_Description of the task_: Transcribe every entry that follows exactly, omitting all pictures.

_Data records_:
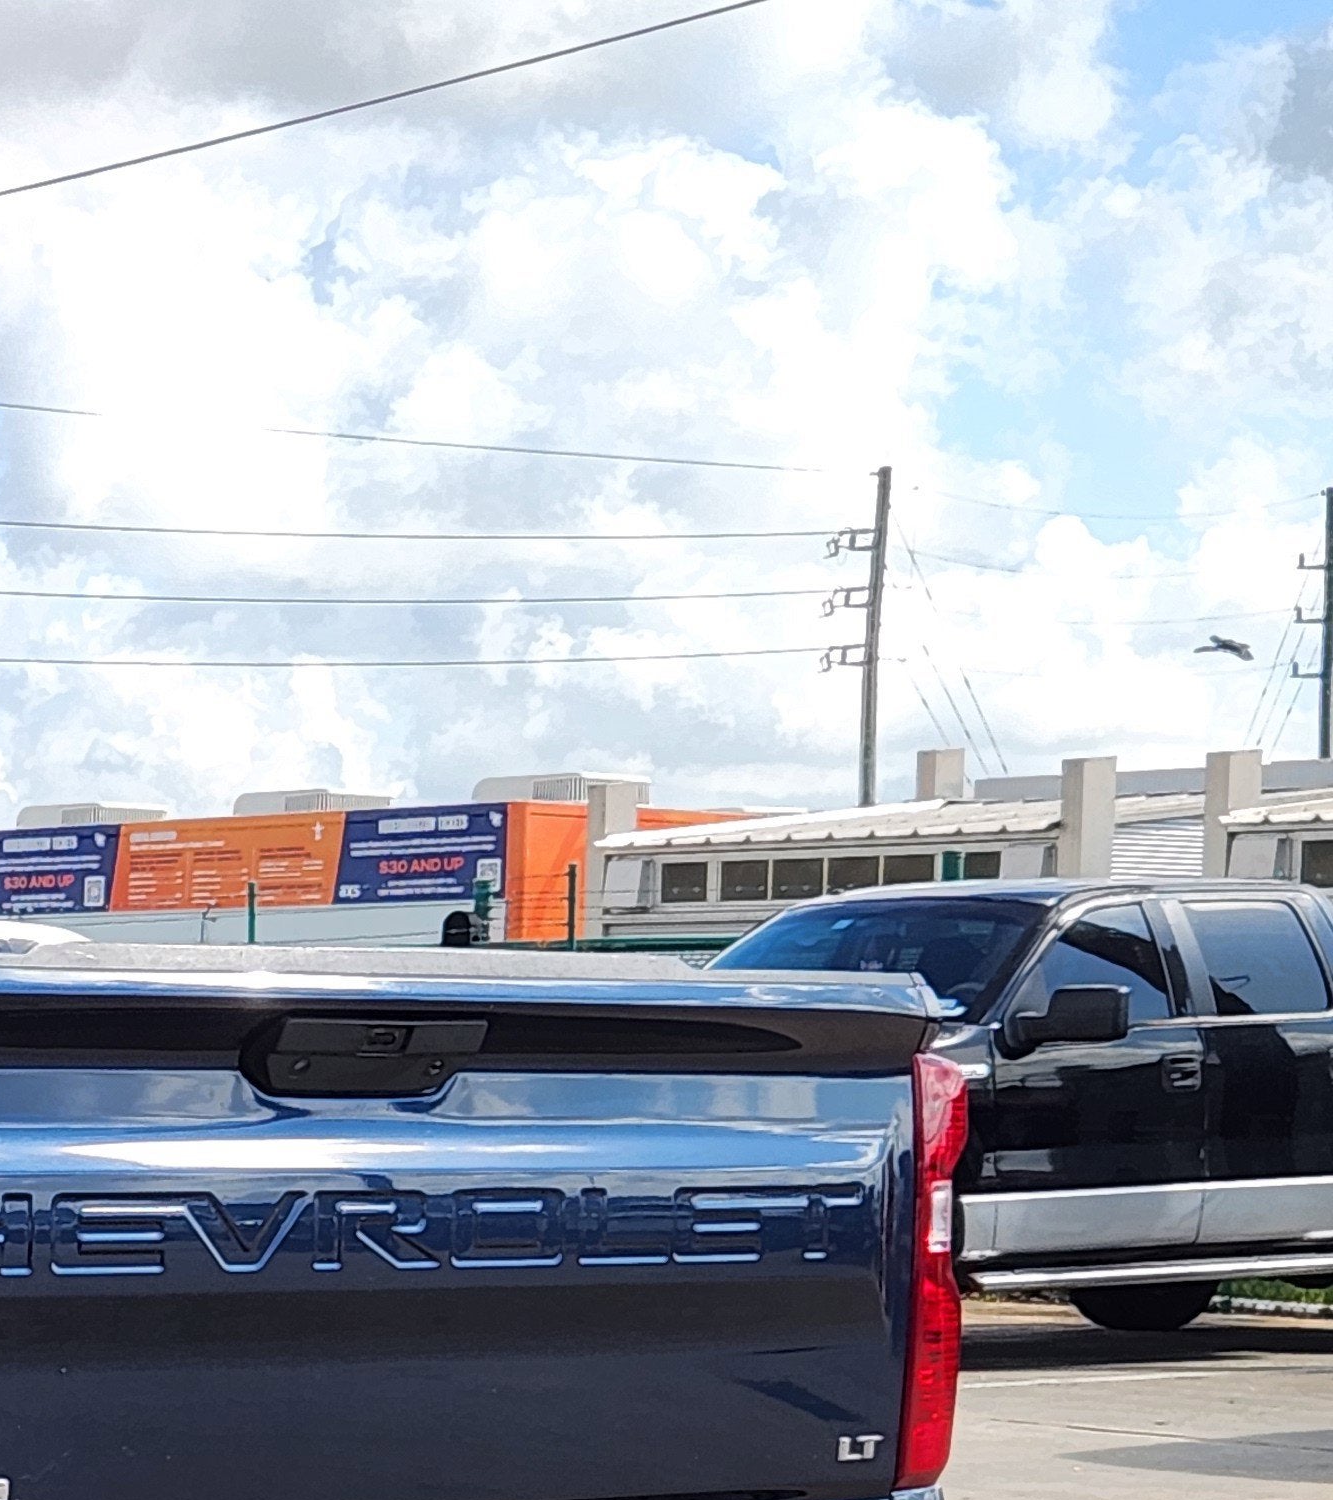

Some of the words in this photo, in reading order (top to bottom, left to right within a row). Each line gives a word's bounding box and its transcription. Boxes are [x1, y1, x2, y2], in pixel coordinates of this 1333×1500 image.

[378, 860, 408, 875] $30
[410, 857, 441, 873] AND
[443, 856, 465, 871] UP
[29, 874, 55, 889] AND
[57, 874, 74, 888] UP
[838, 1435, 884, 1461] LT
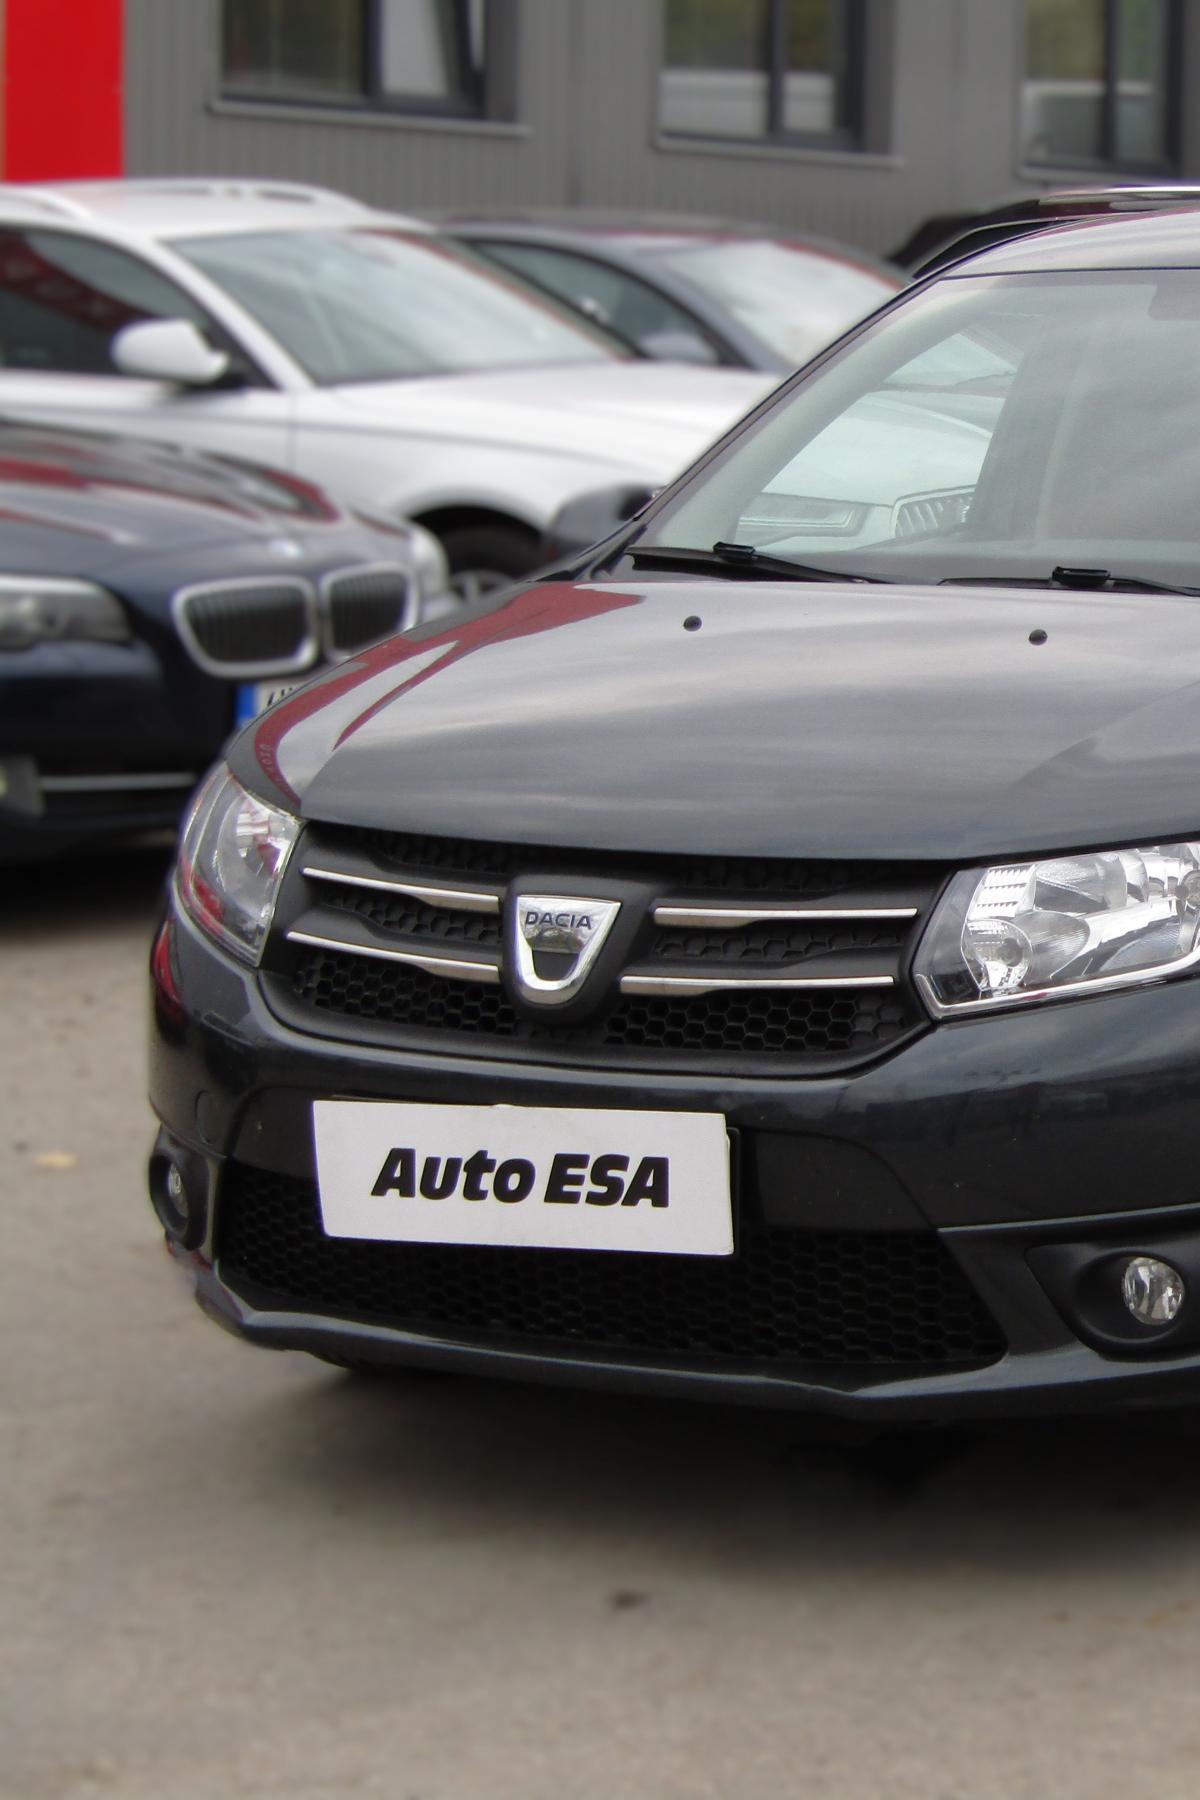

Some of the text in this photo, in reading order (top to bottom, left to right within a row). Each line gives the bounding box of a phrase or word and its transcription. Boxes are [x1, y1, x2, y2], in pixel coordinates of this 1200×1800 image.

[525, 911, 592, 930] DACIA
[371, 1148, 669, 1207] Auto ESA
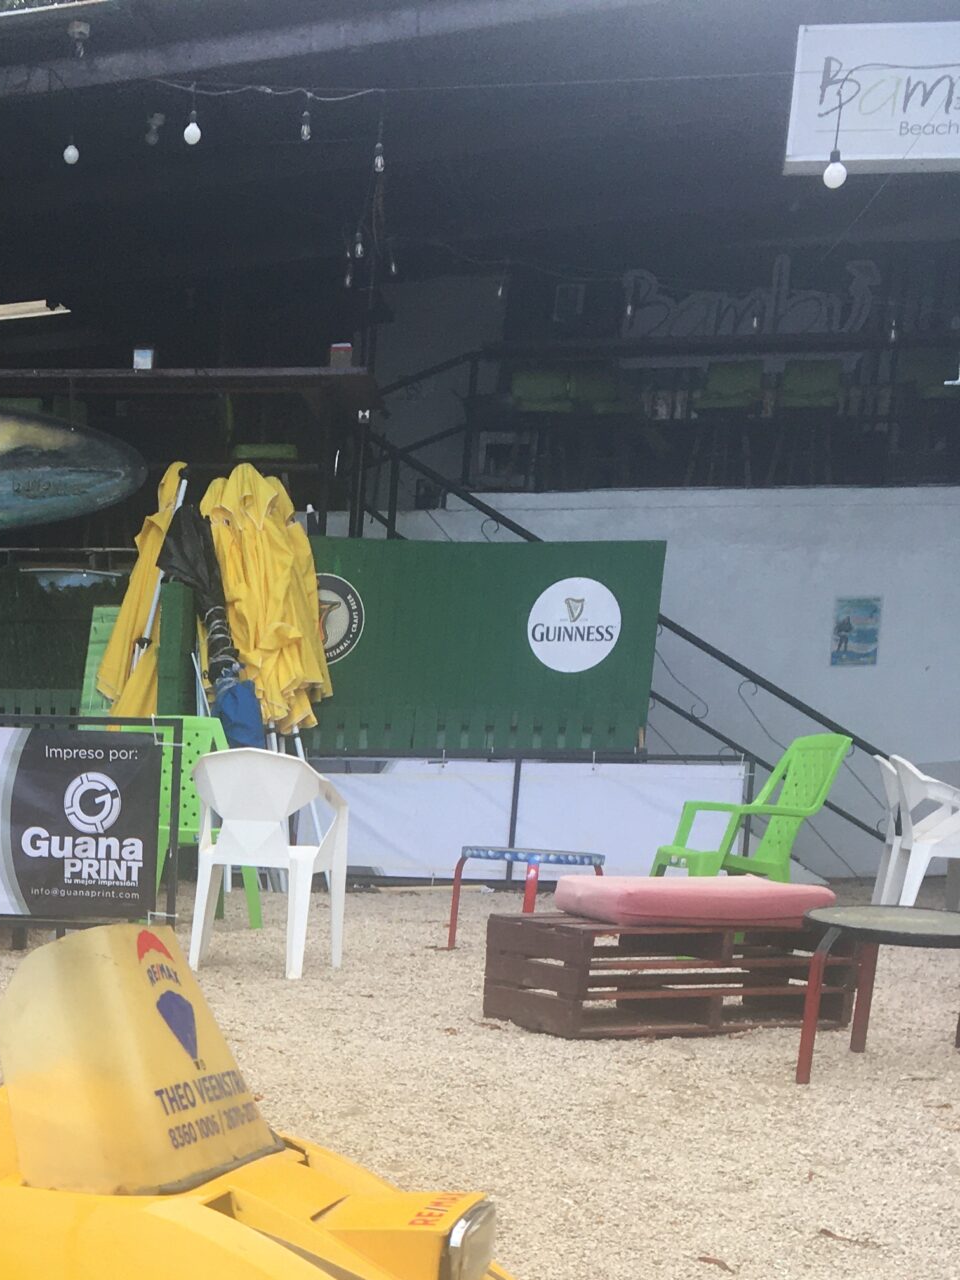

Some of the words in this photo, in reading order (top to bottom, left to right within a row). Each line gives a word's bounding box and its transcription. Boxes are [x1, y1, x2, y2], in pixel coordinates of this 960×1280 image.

[899, 119, 959, 136] Beach
[531, 623, 615, 642] GUINNESS
[326, 639, 351, 658] TESANAL
[45, 745, 104, 761] Impreso
[109, 748, 138, 762] por:
[21, 826, 143, 860] Guana
[64, 859, 143, 881] PRINT
[30, 887, 140, 899] info@guanaprint.com
[146, 963, 181, 986] RE/MAX
[154, 1081, 197, 1116] THEO
[168, 1121, 198, 1149] 8360
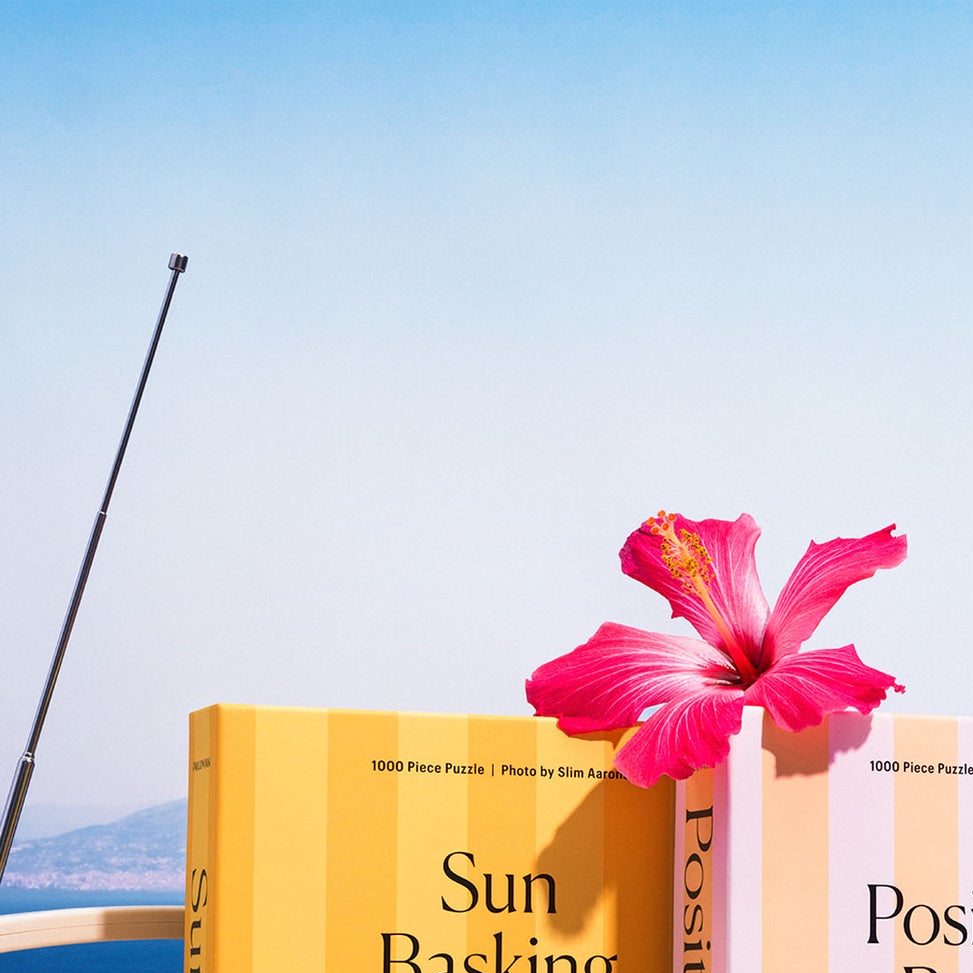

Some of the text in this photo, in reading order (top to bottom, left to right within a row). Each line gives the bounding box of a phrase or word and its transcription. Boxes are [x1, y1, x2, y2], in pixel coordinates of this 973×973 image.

[371, 760, 404, 772] 1000
[407, 761, 442, 774] Piece
[445, 762, 485, 775] Puzzle
[501, 764, 537, 777] Photo
[540, 765, 555, 780] by
[558, 766, 584, 778] Slim
[870, 760, 900, 773] 1000
[903, 761, 935, 774] Piece
[938, 762, 973, 775] Puzzle
[441, 851, 557, 914] Sun

_Reply_:
Some of the words in this photo, in reading order (top to bottom, left to right within a row). Each line gives a word's bounding box and its transcription. Boxes are [x1, y1, x2, y2], in pixel coordinates of this 1333×1500 image.

[378, 860, 408, 875] $30
[410, 857, 441, 873] AND
[443, 856, 465, 871] UP
[29, 874, 55, 889] AND
[57, 874, 74, 888] UP
[838, 1435, 884, 1461] LT

Some of the text in this photo, in reading order (top to bottom, left to right within a row). Each line gives the bounding box of a phrase or word and its transcription. Boxes are [x1, y1, x2, y2], in pixel coordinates of this 1200×1800 image.

[525, 911, 592, 930] DACIA
[371, 1148, 669, 1207] Auto ESA

Some of the words in this photo, in reading order (top to bottom, left to right within a row). Each line gives a word's bounding box and its transcription. Boxes are [x1, y1, x2, y2], in pixel coordinates of this 960×1280 image.

[899, 119, 959, 136] Beach
[531, 623, 615, 642] GUINNESS
[326, 639, 351, 658] TESANAL
[45, 745, 104, 761] Impreso
[109, 748, 138, 762] por:
[21, 826, 143, 860] Guana
[64, 859, 143, 881] PRINT
[30, 887, 140, 899] info@guanaprint.com
[146, 963, 181, 986] RE/MAX
[154, 1081, 197, 1116] THEO
[168, 1121, 198, 1149] 8360

Some of the text in this photo, in reading order (top to bottom, left to right within a row). Each line gives the bounding box of a phrase or word and its transcription. Boxes are [x1, y1, x2, y2], in pixel coordinates of this 973×973 image.

[371, 760, 404, 772] 1000
[407, 761, 442, 774] Piece
[445, 762, 485, 775] Puzzle
[501, 764, 537, 777] Photo
[540, 765, 555, 780] by
[558, 766, 584, 778] Slim
[870, 760, 900, 773] 1000
[903, 761, 935, 774] Piece
[938, 762, 973, 775] Puzzle
[441, 851, 557, 914] Sun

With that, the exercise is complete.